Harold Pinter's No Man's Land
Broadway, 2013-2014
Outer Critics Circle Nomination
Outstanding Actor in a Play
Ian
McKellen - No Man's Land
Reviews
"For viewers who don't necessarily have the time and funds for both plays during this busy show-going season, start with the Pinter." - Steven Suskin, Huffington Post
"One should go for the witty language play, the verbal power struggles, and two acting titans scrambling for the upper hand in a game whose rules are never fully explained." - Thom Geier, Entertainment Weekly
"This is the Pinter of malevolent non sequiturs and the silken menace of unstated violence." - Linda Winer, Newsday
"They bring out the beguiling polish and shimmer of Pinter... some of the best dialog ever written. This staging makes the clearest case I know for Land as Pinter's appropriation and devastation of the classic drawing-room comedy. And I will forever cherish the memory of Mr. McKellen's nimble Spooner and Mr. Stewart's increasingly paralytic Hirst doing their best to one-up each other, in authoritatively delivered nonsense." - Ben Brantley, The New York Times
"Existential misery is surveyed with a sly wit that can pierce the funny bone as much as the soul.
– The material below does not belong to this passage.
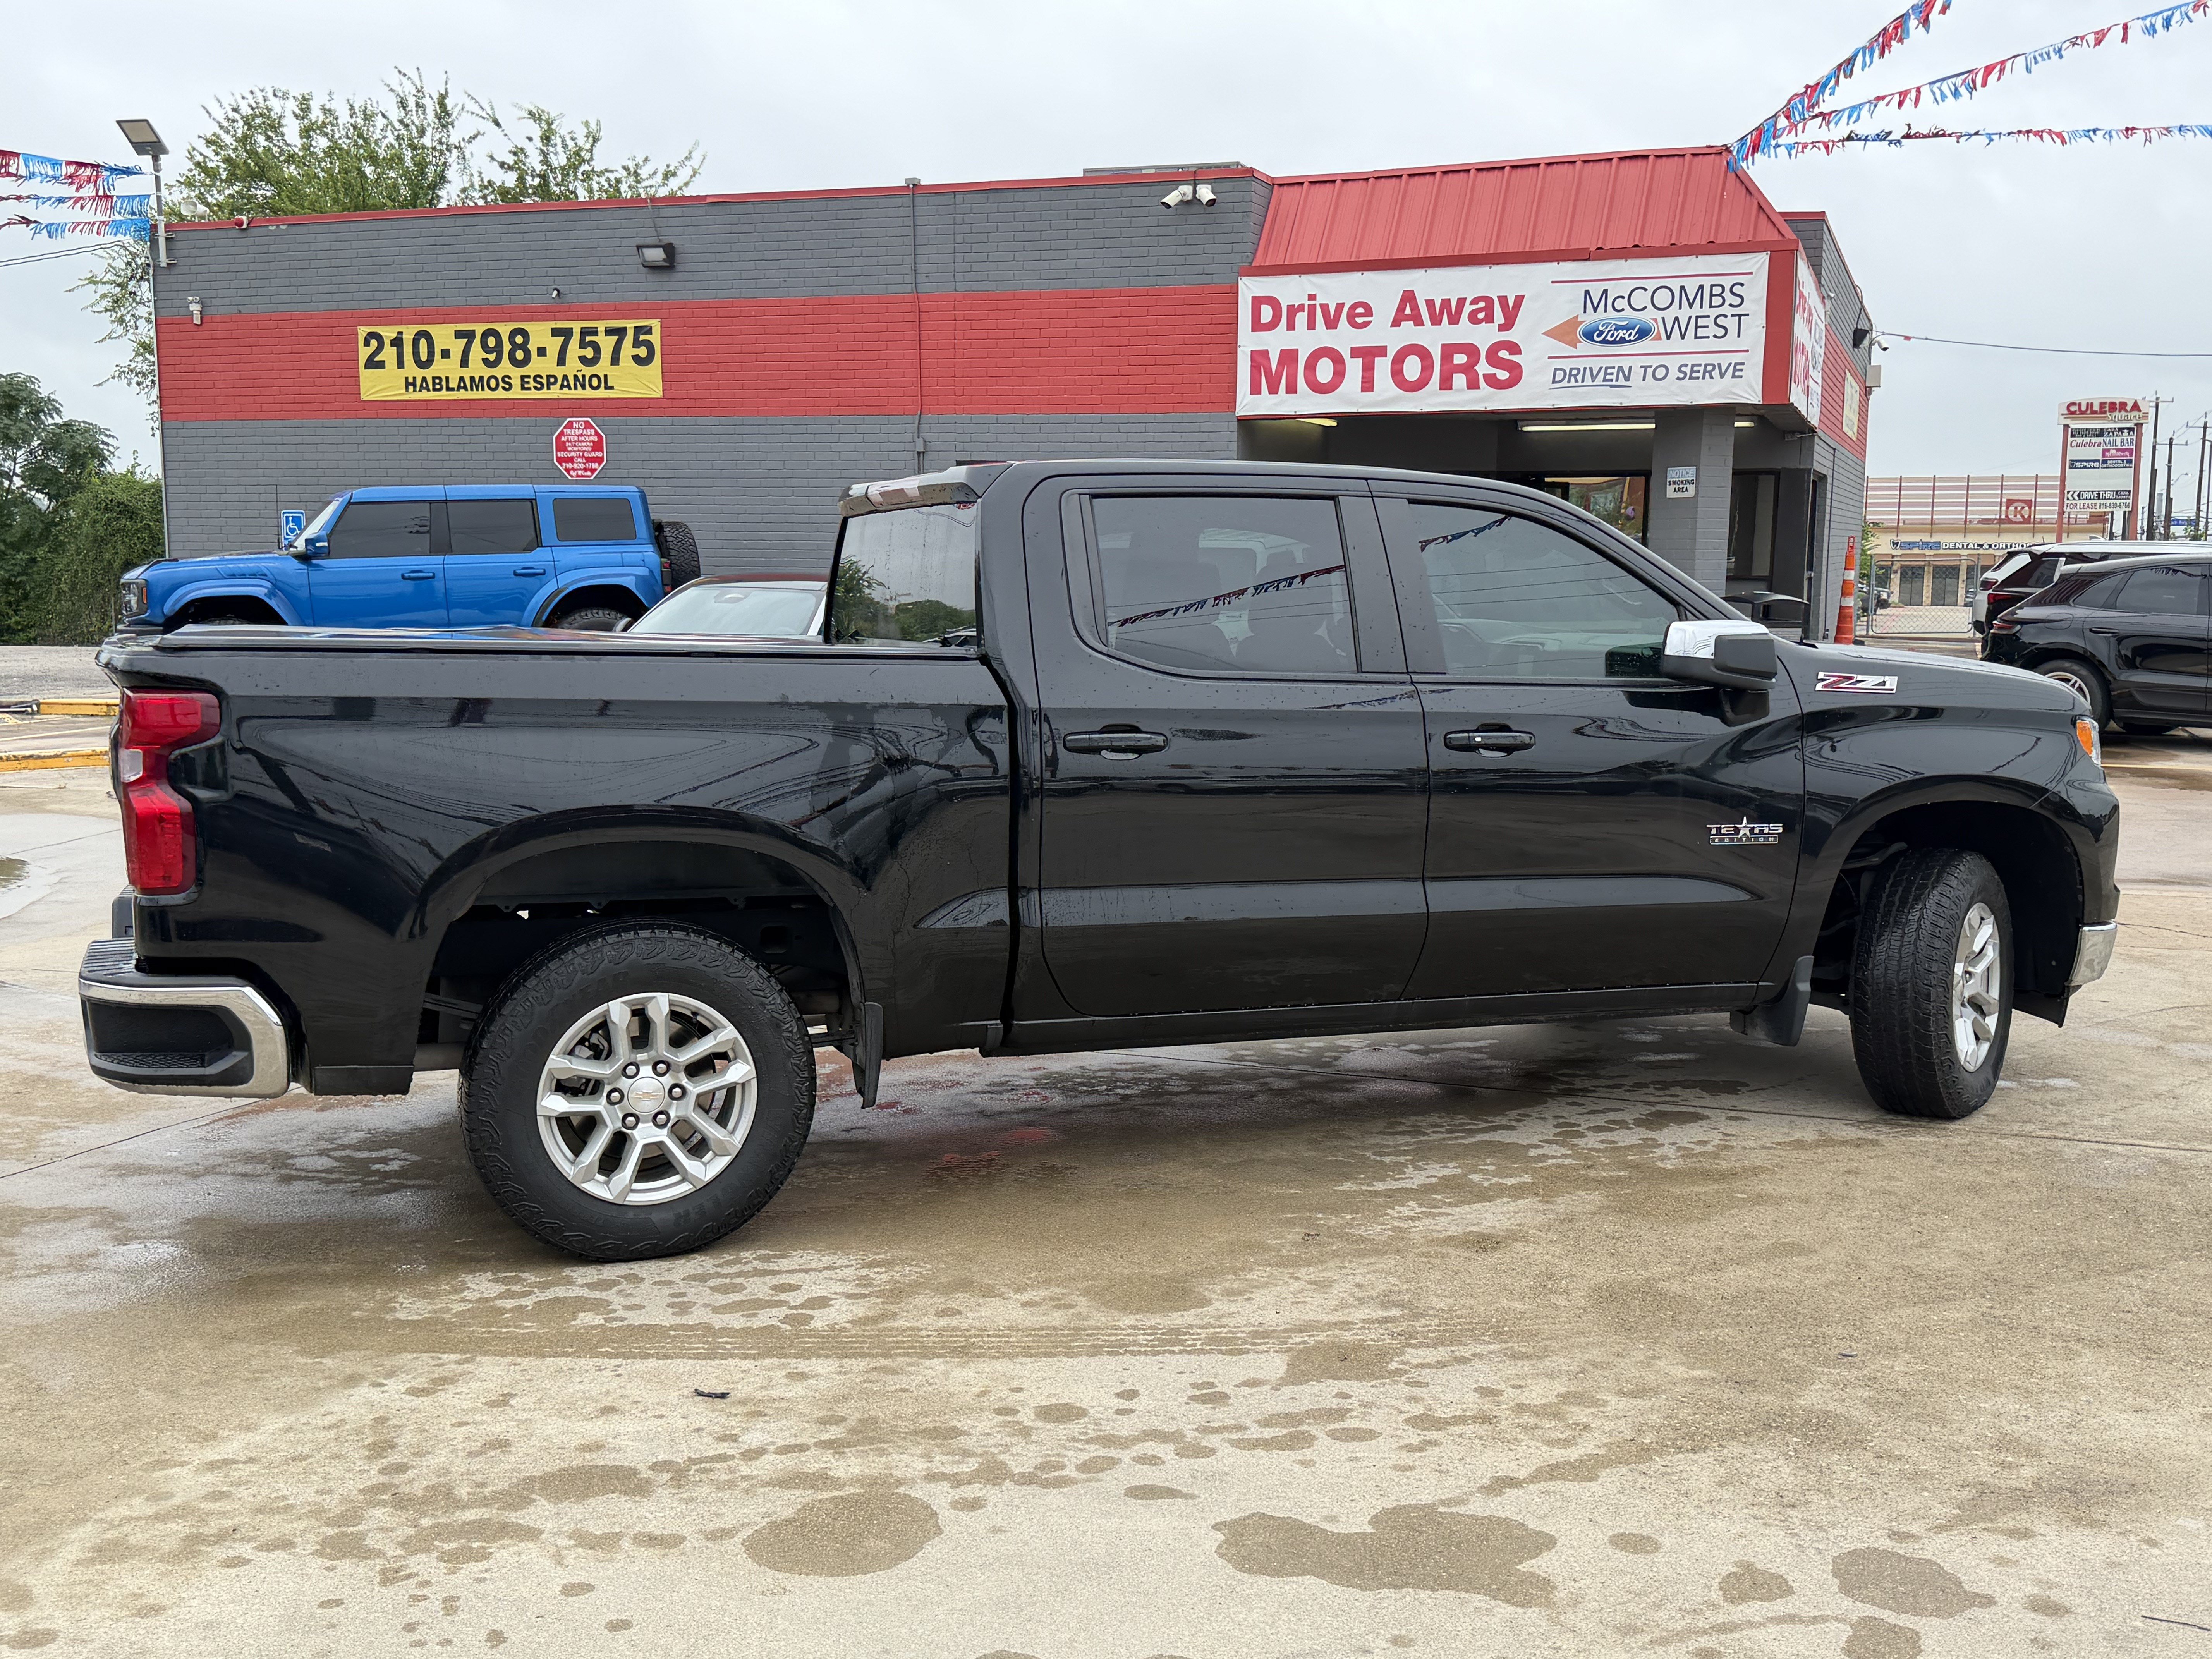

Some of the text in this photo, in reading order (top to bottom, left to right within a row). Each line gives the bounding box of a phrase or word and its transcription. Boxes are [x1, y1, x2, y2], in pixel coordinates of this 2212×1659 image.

This Land captures the mesmerizing, inextricable brutality and humor of Pinter's dialogue." - Elysa Gardner, USA Today
"McKellen's silent slow-burn response speaks volumes. He's got one of the most expressive faces, voices and command of body language on the planet. Stewart gets Hirst's imperiousness and vulnerability just right." - Joe Dziemianowicz, New York Daily News
"McKellen is a wonder. Stewart is marvelous." - Mark Kennedy, Associated Press
"Savage and funny, terse and hauntingly poetic." - David Rooney, Hollywood Reporter
"It's a once-in-a-lifetime theatrical event not to be missed." - Zachary Stewart, Theatermania
"This is all quite hilarious, going well beyond the old British trope of mistaken identity into the realm of existential terror." - Jesse Green, Vulture (New York Magazine)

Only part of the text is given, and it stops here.